PROBLEM TO SOLVE → Return the listing verbatim, images left out.

RECORDS SHOWN →
################
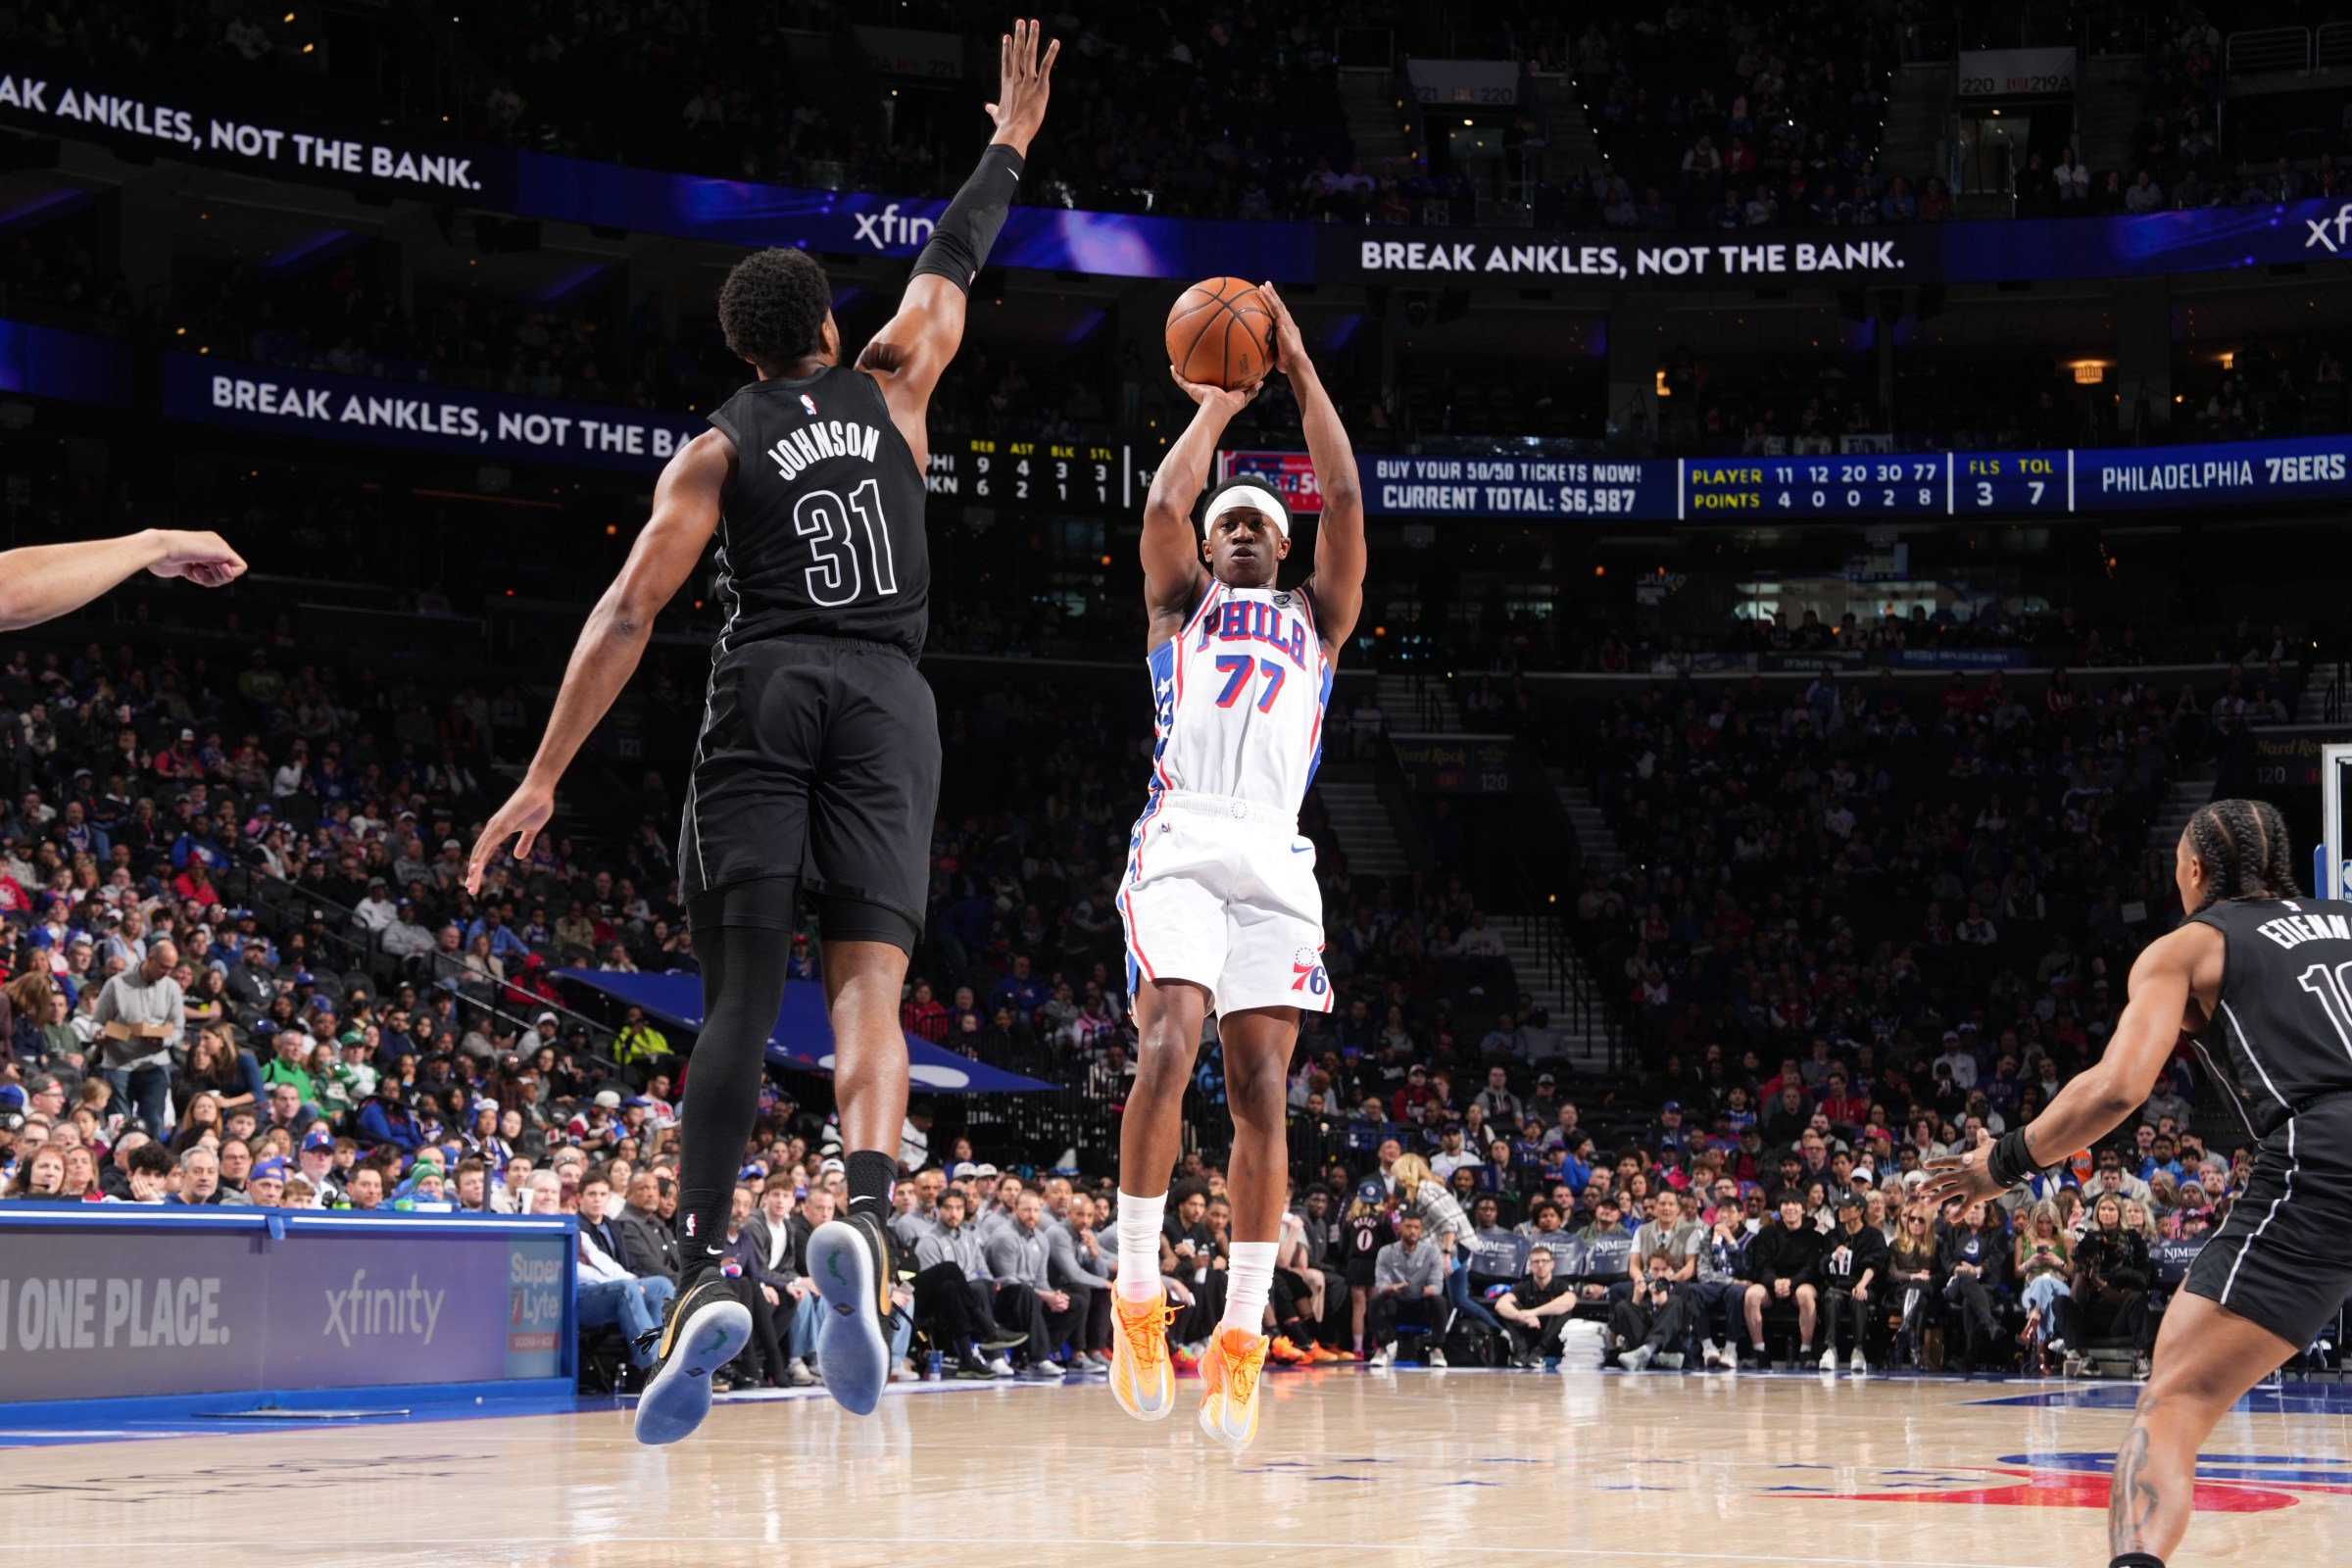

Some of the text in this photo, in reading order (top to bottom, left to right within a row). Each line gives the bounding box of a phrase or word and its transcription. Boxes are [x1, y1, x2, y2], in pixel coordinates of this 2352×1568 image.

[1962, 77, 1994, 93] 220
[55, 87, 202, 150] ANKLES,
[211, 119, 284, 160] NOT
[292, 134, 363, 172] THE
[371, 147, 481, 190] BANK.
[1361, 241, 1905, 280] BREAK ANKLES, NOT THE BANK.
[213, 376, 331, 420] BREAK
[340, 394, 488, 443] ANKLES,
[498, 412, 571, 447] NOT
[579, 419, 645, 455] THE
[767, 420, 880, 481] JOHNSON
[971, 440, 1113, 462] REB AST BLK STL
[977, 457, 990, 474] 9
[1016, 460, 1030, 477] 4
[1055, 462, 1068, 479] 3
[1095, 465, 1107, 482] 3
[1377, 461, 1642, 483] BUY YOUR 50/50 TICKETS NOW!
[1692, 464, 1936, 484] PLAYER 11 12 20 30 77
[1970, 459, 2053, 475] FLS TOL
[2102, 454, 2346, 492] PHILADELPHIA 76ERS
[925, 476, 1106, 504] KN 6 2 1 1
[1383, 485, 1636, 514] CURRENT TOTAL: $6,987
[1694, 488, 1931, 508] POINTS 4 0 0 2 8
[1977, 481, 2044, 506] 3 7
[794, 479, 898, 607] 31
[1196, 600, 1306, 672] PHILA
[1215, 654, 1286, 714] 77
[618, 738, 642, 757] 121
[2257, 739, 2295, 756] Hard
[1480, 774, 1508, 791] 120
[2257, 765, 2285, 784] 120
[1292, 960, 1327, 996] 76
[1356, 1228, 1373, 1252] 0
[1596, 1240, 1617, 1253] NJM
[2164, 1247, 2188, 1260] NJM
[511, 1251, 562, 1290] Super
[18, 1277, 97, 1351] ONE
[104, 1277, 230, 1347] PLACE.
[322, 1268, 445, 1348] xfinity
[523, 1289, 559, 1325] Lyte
################
REPLY →
Some of the text in this photo, in reading order (top to bottom, left to right within a row). Each line gives the bounding box of a phrase or word and its transcription. Boxes are [x1, y1, x2, y2], in pixel coordinates of this 2352×1568 image.

[1962, 77, 1994, 93] 220
[55, 87, 202, 150] ANKLES,
[211, 119, 284, 160] NOT
[292, 134, 363, 172] THE
[371, 147, 481, 190] BANK.
[1361, 241, 1905, 280] BREAK ANKLES, NOT THE BANK.
[213, 376, 331, 420] BREAK
[340, 394, 488, 443] ANKLES,
[498, 412, 571, 447] NOT
[579, 419, 645, 455] THE
[767, 420, 880, 481] JOHNSON
[971, 440, 1113, 462] REB AST BLK STL
[977, 457, 990, 474] 9
[1016, 460, 1030, 477] 4
[1055, 462, 1068, 479] 3
[1095, 465, 1107, 482] 3
[1377, 461, 1642, 483] BUY YOUR 50/50 TICKETS NOW!
[1692, 464, 1936, 484] PLAYER 11 12 20 30 77
[1970, 459, 2053, 475] FLS TOL
[2102, 454, 2346, 492] PHILADELPHIA 76ERS
[925, 476, 1106, 504] KN 6 2 1 1
[1383, 485, 1636, 514] CURRENT TOTAL: $6,987
[1694, 488, 1931, 508] POINTS 4 0 0 2 8
[1977, 481, 2044, 506] 3 7
[794, 479, 898, 607] 31
[1196, 600, 1306, 672] PHILA
[1215, 654, 1286, 714] 77
[618, 738, 642, 757] 121
[2257, 739, 2295, 756] Hard
[1480, 774, 1508, 791] 120
[2257, 765, 2285, 784] 120
[1292, 960, 1327, 996] 76
[1356, 1228, 1373, 1252] 0
[1596, 1240, 1617, 1253] NJM
[2164, 1247, 2188, 1260] NJM
[511, 1251, 562, 1290] Super
[18, 1277, 97, 1351] ONE
[104, 1277, 230, 1347] PLACE.
[322, 1268, 445, 1348] xfinity
[523, 1289, 559, 1325] Lyte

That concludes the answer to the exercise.